Chapitre 13

"Fort l'Empereur avait résisté à beaucoup de sièges en partie grâce à sa location; le château se dressait devant une plaine sans aucune cache pour se mettre à couvert. Ils nous avaient sûrement vus arriver. Mais nos supérieurs lui avaient repéré une faiblesse; le bâtiment était dominé par un plateau, au Sud. Nous pouvions aisément observer les mouvements des soldats et tirer du haut du promontoire. On y installa une partie de l'artillerie."

"Le reste du travail se fit en silence. De nuit comme de jour pendant quatre jours, on nous ordonna de creuser des tranchées pour nous y mettre. Déjà exténué, j'eus du mal à me priver davantage de sommeil. Quand la profondeur fut suffisante, nous y descendîmes et attendîmes l'injonction. J'échangeai un regard blanc avec Maël; le moment était arrivé. L'impatience tenait encore trop bien mon corps pour qu'il ne me lâche pas. Les mains de certains tremblaient, d'autres se signaient. Maël leva les yeux au ciel dans une prière muette. Nous savions tous ce que représentait cette forteresse: la victoire ou la mort. Nous avions déjà perdu des camarades, et nous ne voulions pas nous perdre avec eux. Nous devions vaincre."

"La nuit passa sans que nous ayons bougé. Le ciel commençait à s'éclaircir. Notre attention commençait à dériver.

'Bon Dieu, quand est-ce qu'ils vont s'décider? grognai-je en desserrant la poigne sur mon fusil.

-Tiens-toi tranquille, me dit calmement Maël. Ils savent ce qu'ils font.

-Préparez-vous! entendis-je alors crier notre sergent.

-Tu vois?'

Je réaffirmai ma prise. Il était quatre heures du matin, et nous étions le quatre juillet dix-huit cent trente.

'Feu!'"

"Ce furent d'abord les canons qui tirèrent, puis nous. Les Turcs répliquèrent avec autant de fougue après coup. Mes souvenirs de cette guerre resteront les plus clairs de toute ma vie."

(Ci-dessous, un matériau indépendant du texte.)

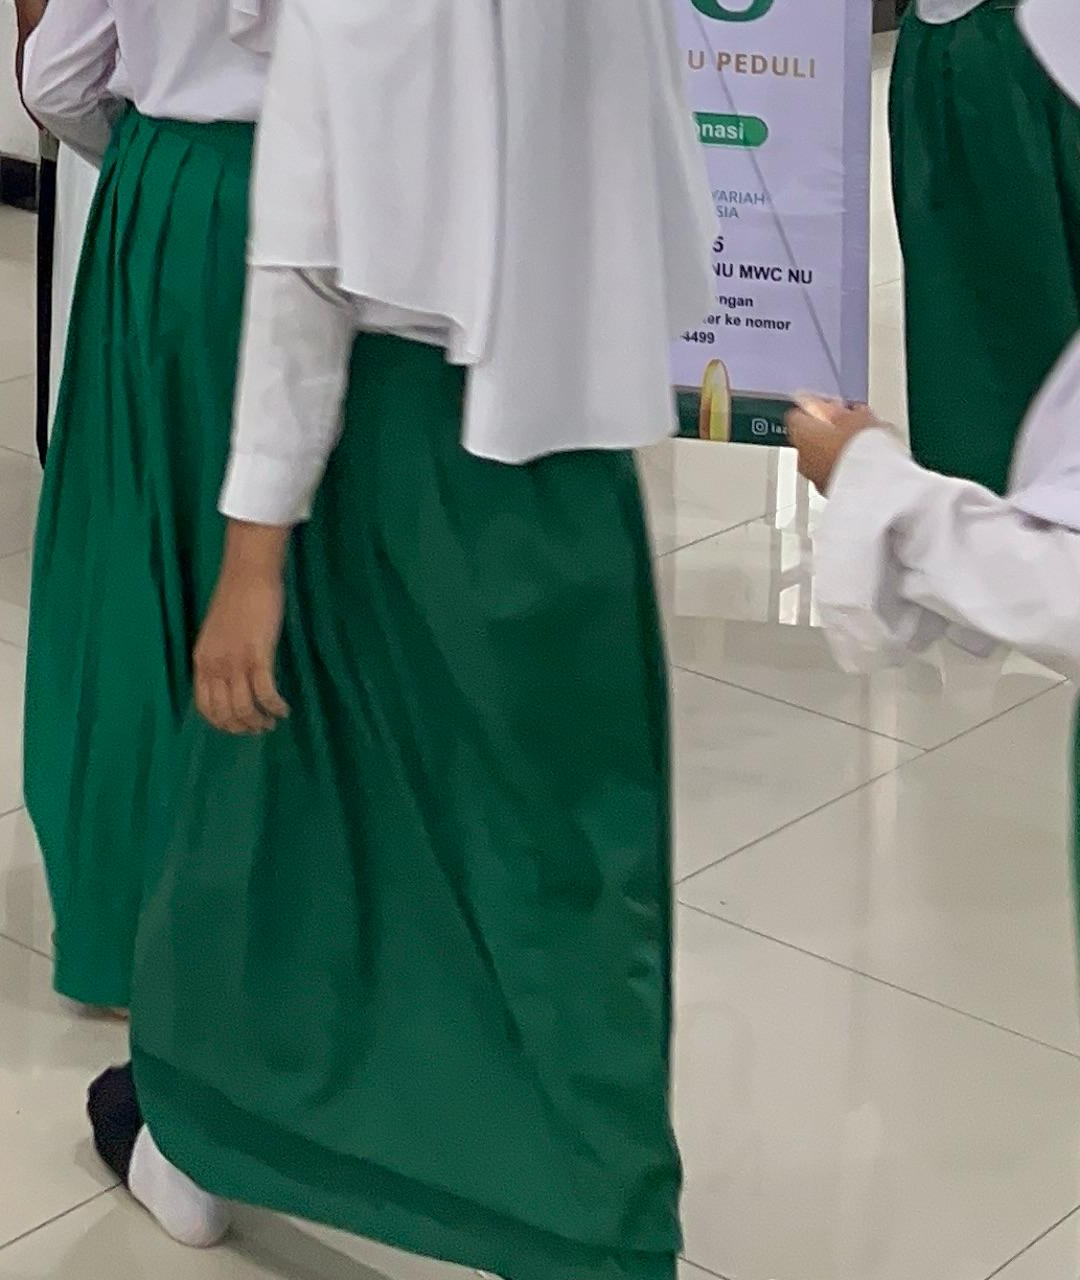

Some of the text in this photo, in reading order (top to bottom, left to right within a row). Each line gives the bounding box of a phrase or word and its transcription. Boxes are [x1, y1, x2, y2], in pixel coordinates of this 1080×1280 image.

[687, 49, 816, 79] U PEDULI
[716, 205, 739, 219] SIA
[739, 264, 783, 282] MWC
[787, 268, 813, 285] NU
[716, 294, 754, 309] ngan
[704, 313, 792, 331] er ke nomor
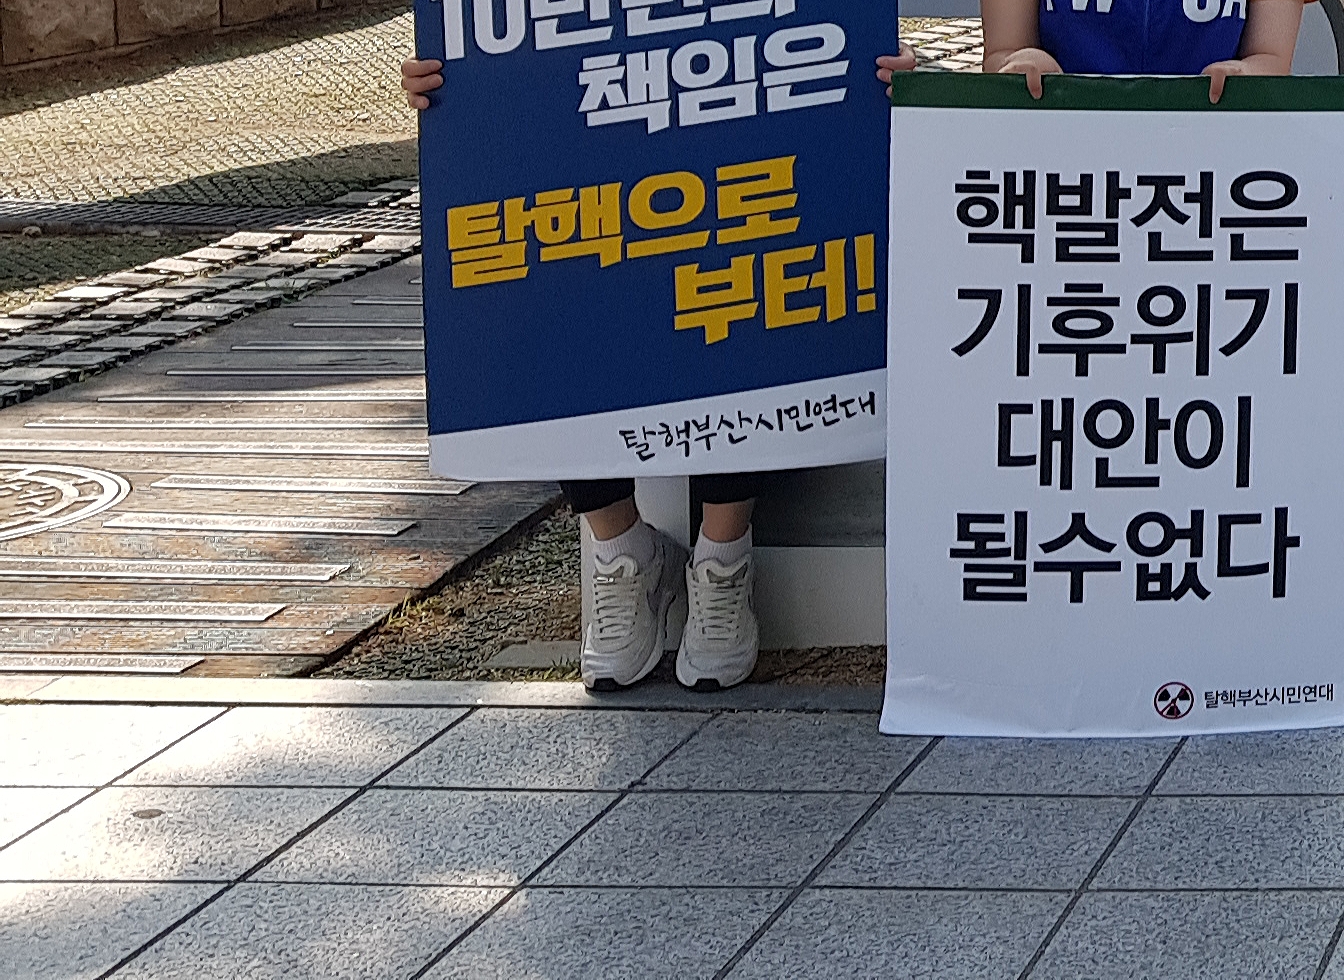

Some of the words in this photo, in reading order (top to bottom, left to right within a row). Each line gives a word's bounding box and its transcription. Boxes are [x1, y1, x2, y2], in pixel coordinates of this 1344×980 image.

[578, 22, 849, 134] 책임은
[446, 155, 801, 289] 탈핵으로
[954, 169, 1308, 264] 핵발전은
[673, 233, 878, 345] 부터!
[951, 282, 1299, 377] 기후위기
[618, 391, 877, 462] 탈핵부산시민연대
[997, 395, 1253, 490] 대안이
[949, 506, 1300, 603] 될수없다
[1204, 683, 1335, 709] 탈핵부산시민연대

"Je ne vis pas le jour se lever; la fumée et l'odeur de poudre me désorientaient. Je sais que plusieurs de mes compagnons tombèrent tout près, touchés par des balles, mais Maël restait debout. Quand la fumée se dissipa, le fort ne ressemblait plus à un fort, mais à une termitière. Plus personne n'y bougeait. La lumière du jour m'aveugla un instant, et je restai bouche bée devant un tel spectacle, me demandant si c'étaient nous qui avions réussi à faire cela."

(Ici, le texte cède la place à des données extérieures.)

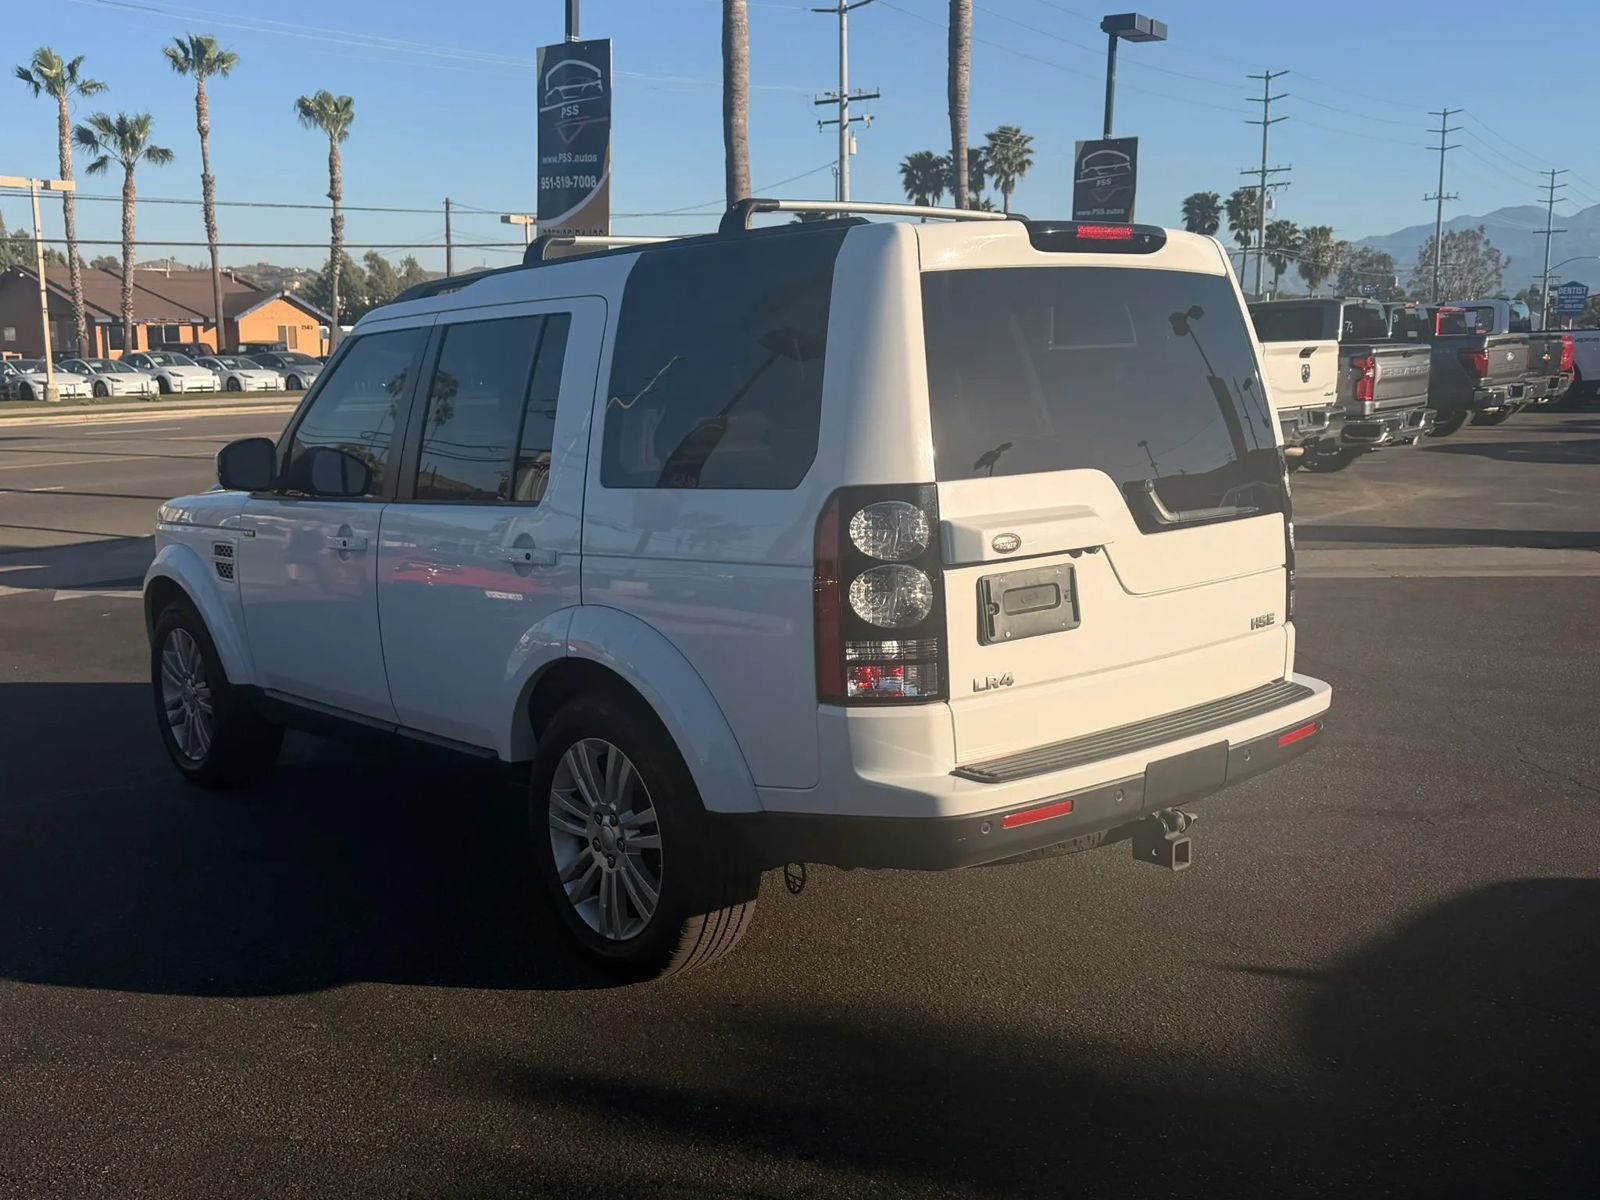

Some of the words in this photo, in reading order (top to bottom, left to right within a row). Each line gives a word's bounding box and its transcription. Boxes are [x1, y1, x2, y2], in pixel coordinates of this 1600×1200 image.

"Mais je n'eus pas le temps de m'attarder à la contemplation; on nous donna l'ordre de prendre la tour du milieu. Nous nous hissâmes sur le sol; aucun tir ne vint nous ralentir. Ils étaient bel et bien partis. Je suivis Maël jusqu'aux murs. Il fallait ouvrir une brèche pour nous permettre d'accéder à la ville. Mais quelque chose n'allait pas. Il n'y avait plus aucune riposte du côté adverse, qui savait pourtant que le fait de prendre leur bastion nous rendait maîtres de la ville."

"C'est à ce momentqu'une explosion magistrale retentit, nous secouant tous. Je devins soudain sourd à tous les bruits environnants. Je me tournai vers Maël; j'eus juste le temps de le voir accourir vers moi avant d'être assommé par une pierre. L'ennemi avait fait exploser ce que l'on convoitait, et un mur venait de me tomber en partie dessus."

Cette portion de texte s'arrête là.